In his first interview since being sacked on 14 October, after just 38 days in charge of the pursestrings, he said the PM’s problem was she “tried to do too much too fast”.
There had been “no real tactical plan” to support the now disastrous mini-budget, but also took responsibility for the measures in it, which ultimately led to both of their downfalls.
Asked why they wanted to implement policies “in such a hurry”, he saiid Truss wanted to “hit the ground running” and she is “very dynamic very forceful” in her views.
“I fully admit the mini-budget did surprise the markets” he said.
“I’m responsible. I’m not gonna wash my hands with it. I was Chancellor of the Exchequer. I was also part of the top team. But looking back I think we could have had a much more measured approach.”
While refusing to apologise for the measures, which led to turmoil in the markets and the crashing of the pound, he regretted the “turbulence” and for those suffering the consequences.
““I do feel sorry actually for the people who are going through this difficult time in terms of remortgaging. I think that it is a really stressful thing to do.”
Speaking to TalkTV’s Tom Newton Dunn, he said he learnt of his sacking via Twitter, and confronted a “distressed and emotional” prime minister about the “mad” decision to sack him.

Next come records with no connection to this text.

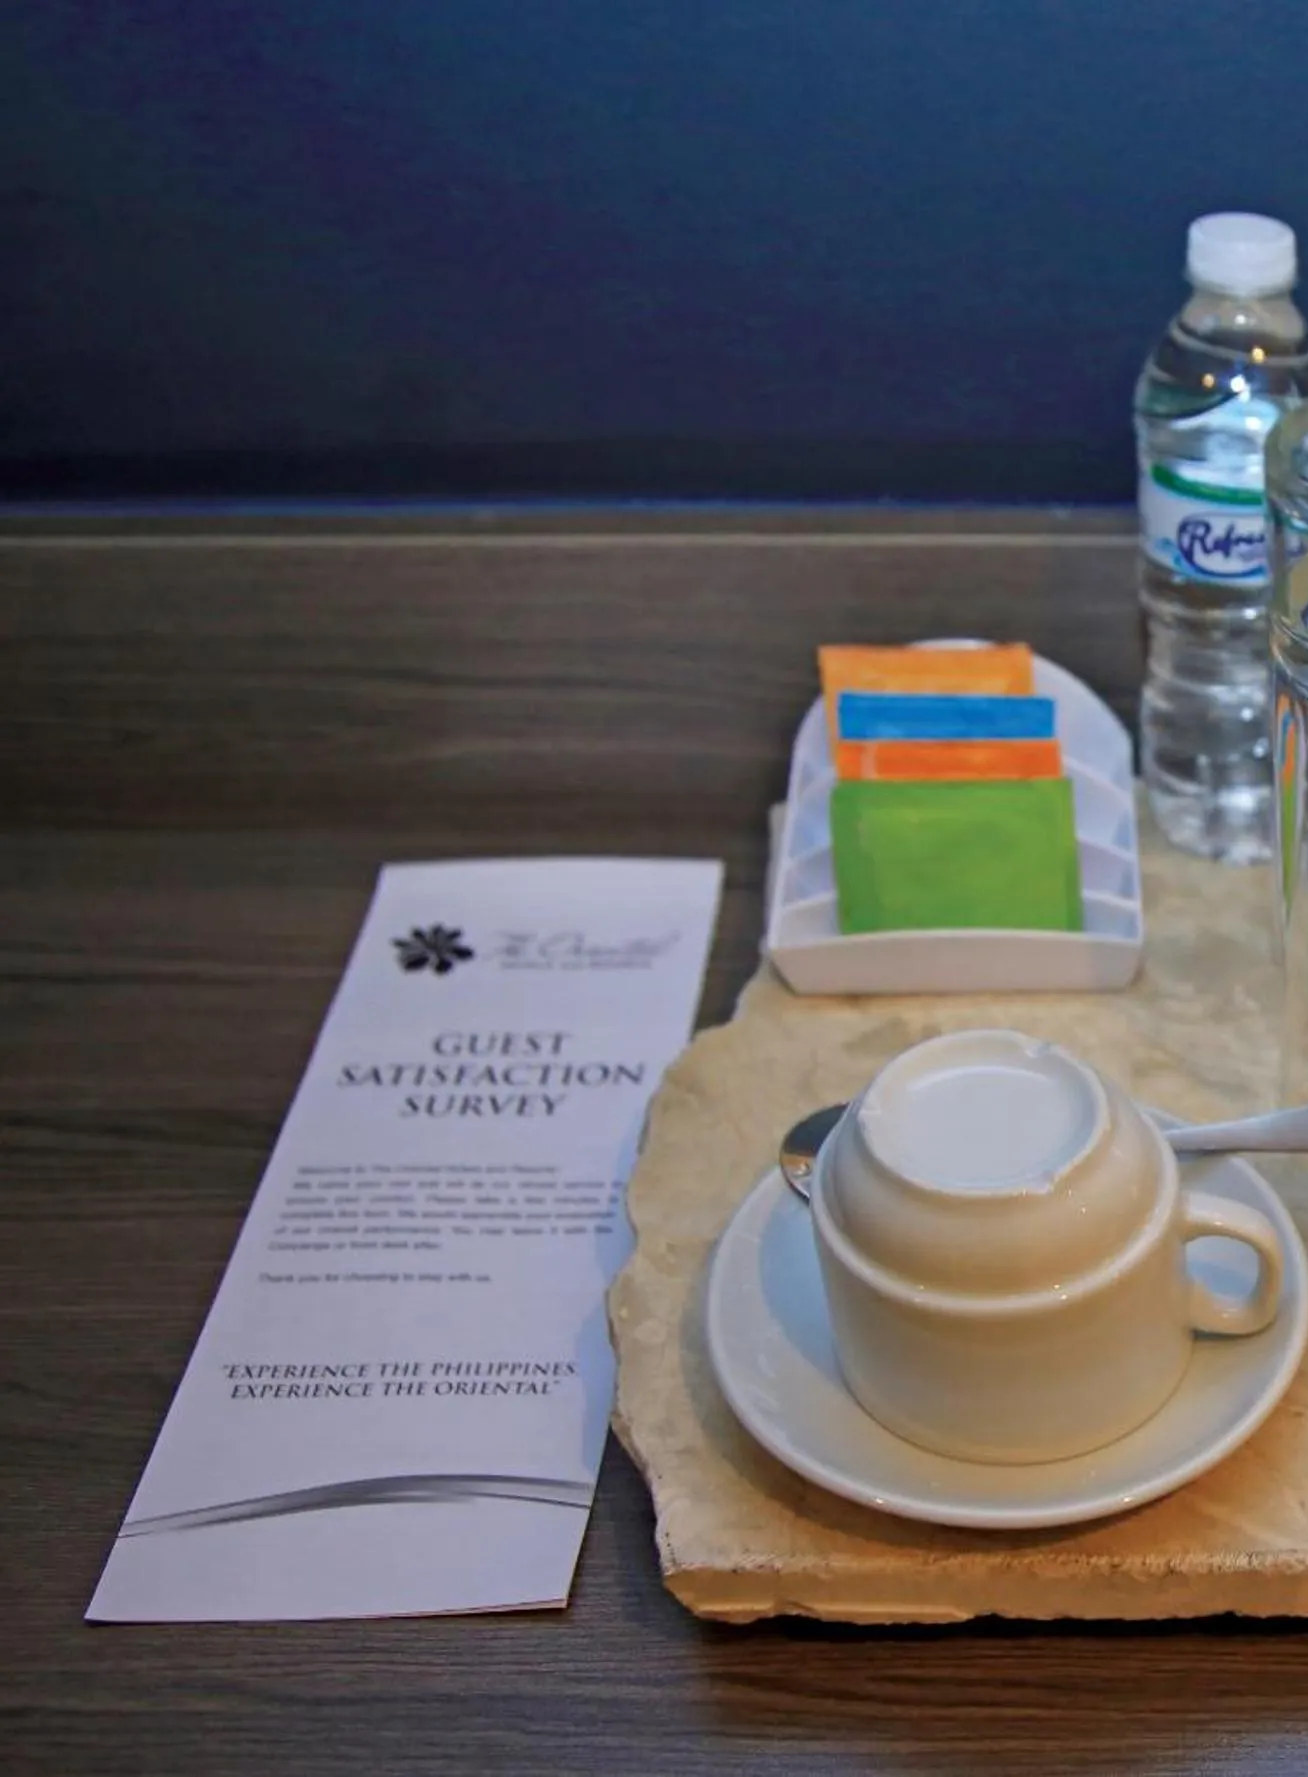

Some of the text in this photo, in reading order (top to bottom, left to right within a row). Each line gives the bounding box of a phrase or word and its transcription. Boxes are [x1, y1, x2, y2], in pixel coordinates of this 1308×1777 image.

[433, 1032, 572, 1057] GUEST
[338, 1062, 646, 1088] SATISFACTION
[399, 1095, 567, 1118] SURVEY
[378, 1362, 425, 1377] THE
[230, 1383, 374, 1399] EXPERIENCE
[383, 1381, 429, 1396] THE

“Everyone knows that that was your policy” he told her. “She can’t fire me for just implementing what she campaigned on. We had a conversation. And I think it was very much the view that somehow she would survive if I took the fall on that.”
“I think I said to her at the time, ‘This is going to last three or four weeks’. Little did I know it was only going to be six days.”

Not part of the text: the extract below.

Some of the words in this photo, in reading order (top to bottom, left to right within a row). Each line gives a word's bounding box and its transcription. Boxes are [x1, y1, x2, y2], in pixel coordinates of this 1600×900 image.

Speaking about the sacking, Kwarteng said his long-time political ally Truss “was very emotional.”
“I can’t remember whether she was actually shedding tears, but she was very emotional and it was a difficult thing to do. And I think she genuinely thought that that was the right thing to buy her more time to set her Premiership on the right path.

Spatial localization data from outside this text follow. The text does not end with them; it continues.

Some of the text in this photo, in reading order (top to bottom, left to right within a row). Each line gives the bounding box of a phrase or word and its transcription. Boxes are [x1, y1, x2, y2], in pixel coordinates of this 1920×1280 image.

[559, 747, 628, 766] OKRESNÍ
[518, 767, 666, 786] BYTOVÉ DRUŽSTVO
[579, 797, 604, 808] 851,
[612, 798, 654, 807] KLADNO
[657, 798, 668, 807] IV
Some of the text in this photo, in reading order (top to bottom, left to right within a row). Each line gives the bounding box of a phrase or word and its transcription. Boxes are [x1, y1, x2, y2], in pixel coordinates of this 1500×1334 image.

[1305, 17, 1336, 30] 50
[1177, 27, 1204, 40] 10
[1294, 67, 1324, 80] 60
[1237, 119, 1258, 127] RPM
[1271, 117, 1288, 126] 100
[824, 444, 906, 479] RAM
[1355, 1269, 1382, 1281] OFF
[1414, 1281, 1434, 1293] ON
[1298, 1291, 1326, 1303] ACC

|I disagreed, obviously, I thought that if Chancellors are sacked by the Prime Minister for doing what the Prime Minister campaigned on, that leaves the Prime Minister in a very weak position.”
The decision to sack Kwarteng ultimately led to Truss’ downfall with a Conservative leadership contest following just a matter of days after her resignation on 20 October.
Kwarteng also hit out at the current prime minister, Rishi Sunak, saying his the expected tax rises in the Autumn statement on 17 October were the wrong course of action.
“I’ve always had the view that we can’t simply keep putting up taxes. We’ve got to think about growth.”
He said he’s worried about where growth will come from, but pushed back on being an anti-Sunak figurehead against tax rises.
“I think Rishi Sunak is actually a very credible Prime Minister. Above all, I think he has the temperament of a Prime Minister and he’s very cool and he’s very considered.”